The decision to reduce state funding for the upkeep of the vacant Northwest Georgia Regional Hospital is good news for Rome, according to a local lawmaker.
State Rep. Katie Dempsey, R-Rome, said a sale is more likely now that her appropriations subcommittee zeroed out the budget line. The move came out of talks, she said, among legislators, the governor, the State Properties Commission and the Department of Behavioral Health and Developmental Disabilities.
“It’s very important we figure out a way to expedite the sale of this property,” she said before explaining that “When we’re not maintaining a property, it starts to lose value fast.”
The 132-acre state mental hospital off North Division Street closed in 2011 after a settlement agreement with the U.S. Department of Justice that affected hundreds of patients and employees. The city of Rome tried to come up for a plan to reuse the site, but the amount of debt tied to the facility made every effort unfeasible.
Now there’s hope — in the form of Hope Village. Global Impact International CEO Jeff Mauer and his wife, Mary Margaret Mauer, unveiled a plan in May 2019 to turn the campus into hub for family and social services. Dempsey said that plan is still very much on track.
“We have a proven successful team that has already done so much for foster care through Restoration Rome,” she said. “They had access for 18 months to do due dilligence. They have been doing that, and they are very much interested.”
The nonprofit’s vision for the multi-million dollar Hope Village is a coalition of public, private and faith-based organizations offering supports to preserve and restore families in need.
The agencies — some existing and some new — will address a range of issues from substance abuse, mental health and teens aging out of the foster care system to poverty and homelessness.

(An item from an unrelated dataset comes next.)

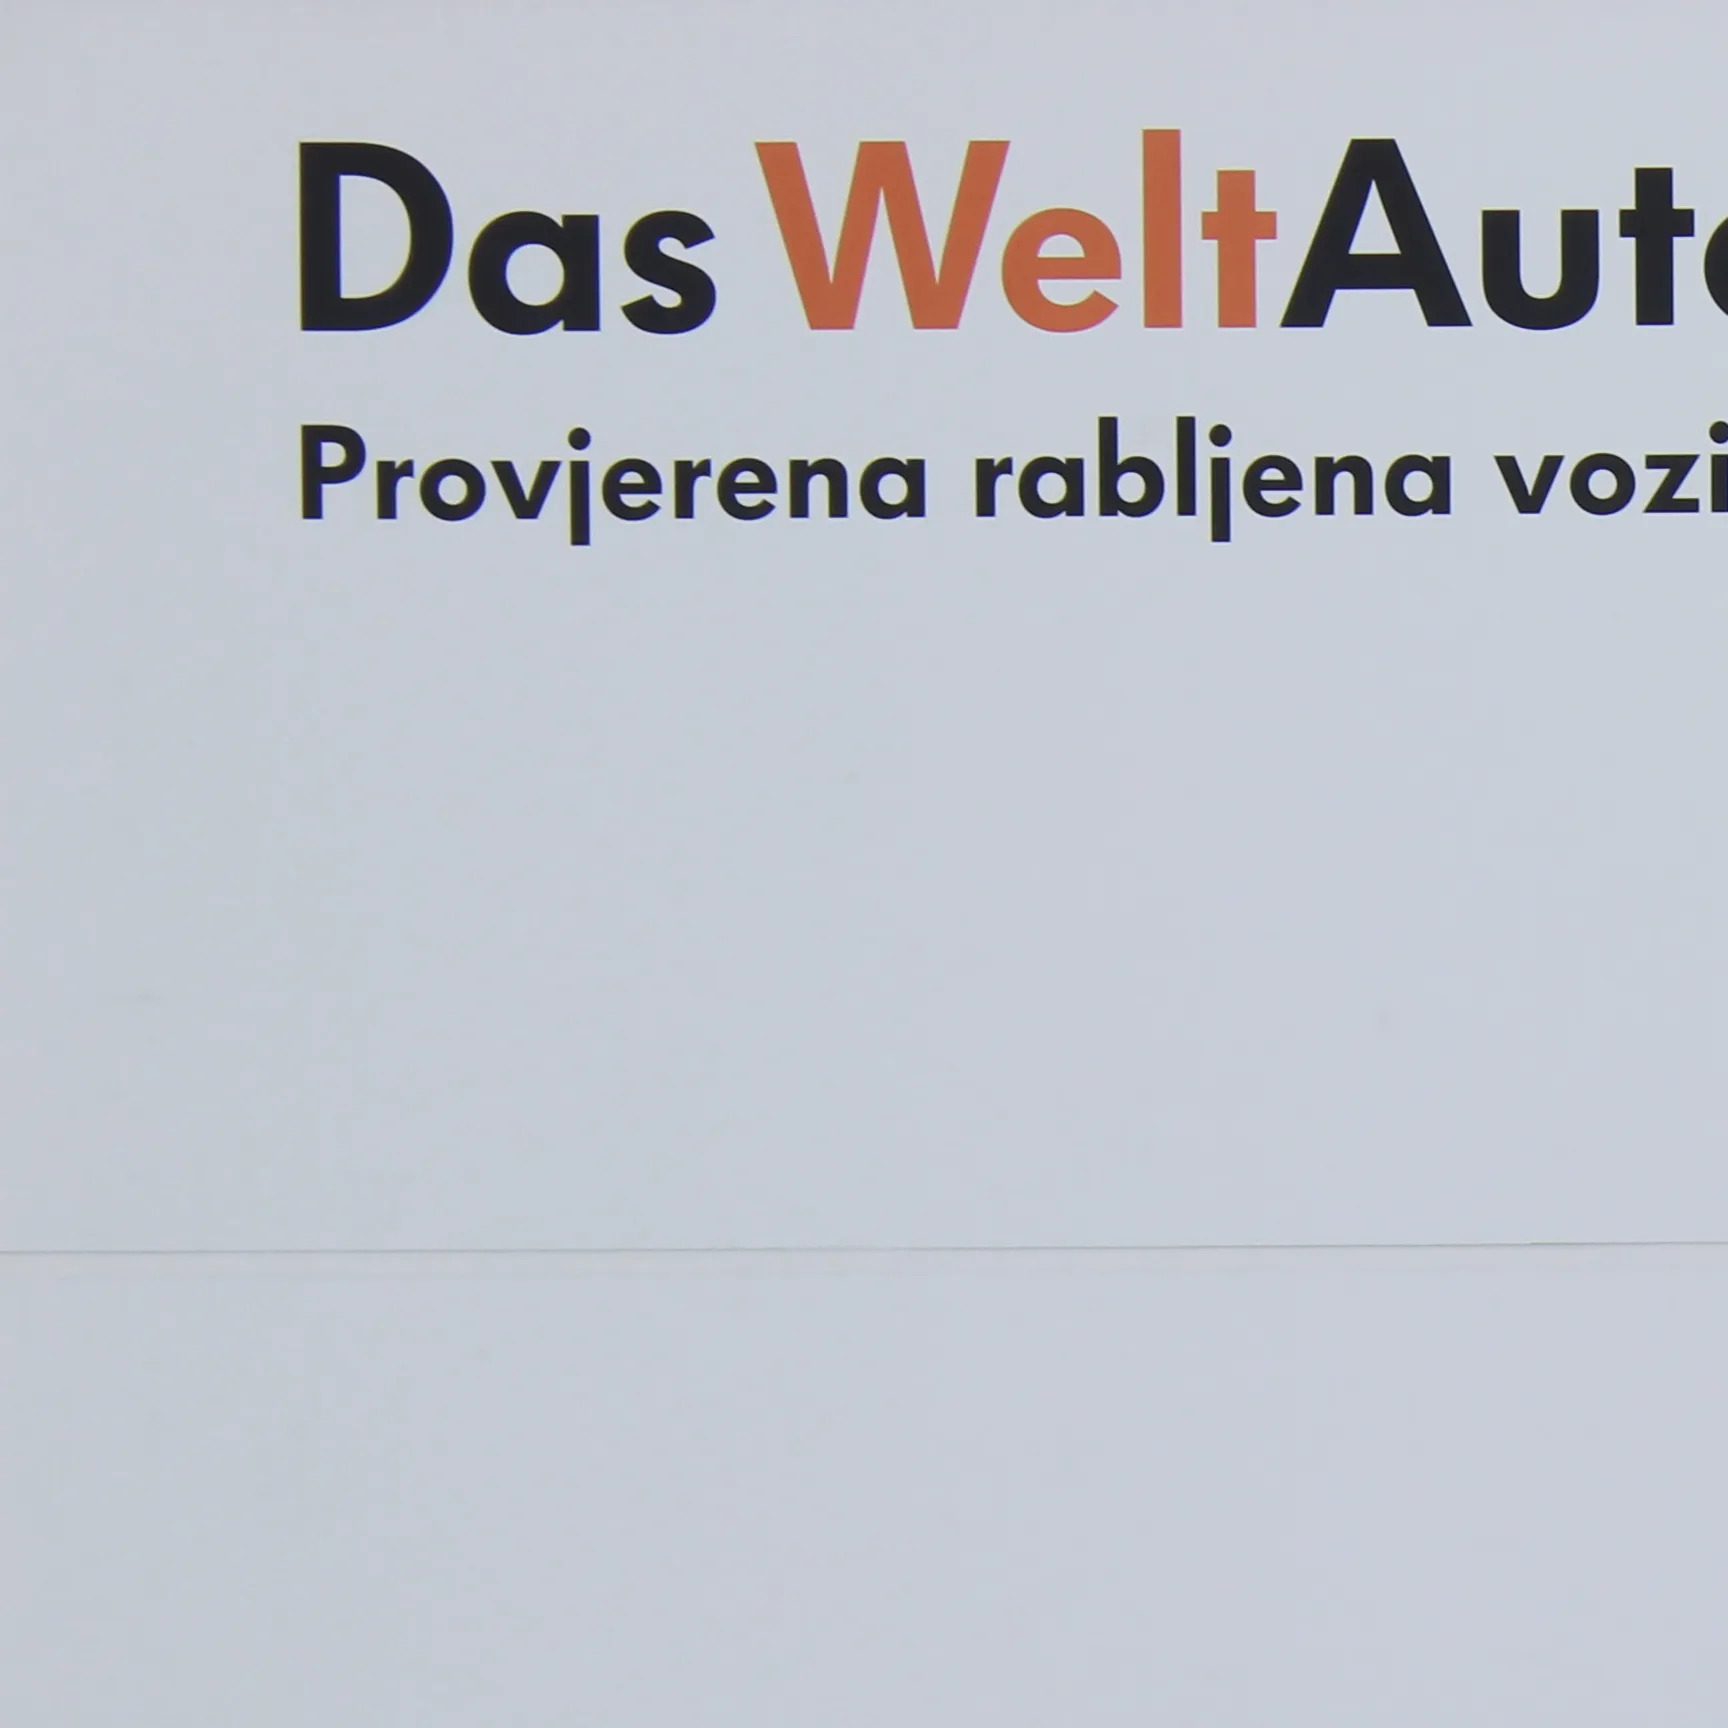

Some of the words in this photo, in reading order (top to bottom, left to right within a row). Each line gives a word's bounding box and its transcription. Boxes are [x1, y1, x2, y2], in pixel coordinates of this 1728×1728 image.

[299, 141, 717, 336] Das
[300, 424, 926, 546] Provjerena
[975, 415, 1451, 543] rabljena

Jeff Mauer told local leaders in December they’re on track to submit a proposal to the state by late summer or early fall.
Dempsey said the need to assist people on the path to health and stability will always exist and it’s been heightened by the stressors of the COVID-19 pandemic. The state can’t run institutions under the DOJ agreement, she said, but the budget decision was “a big step” toward putting that property back in play.
The next step is a new appraisal.
“It’s going to be done very quickly,” Dempsey said.
Over the past 16 months, the Mauers have brought community members together in subcommittees to work on various aspects of the village concept. Jeff Mauer has said funding will come from a variety of sources.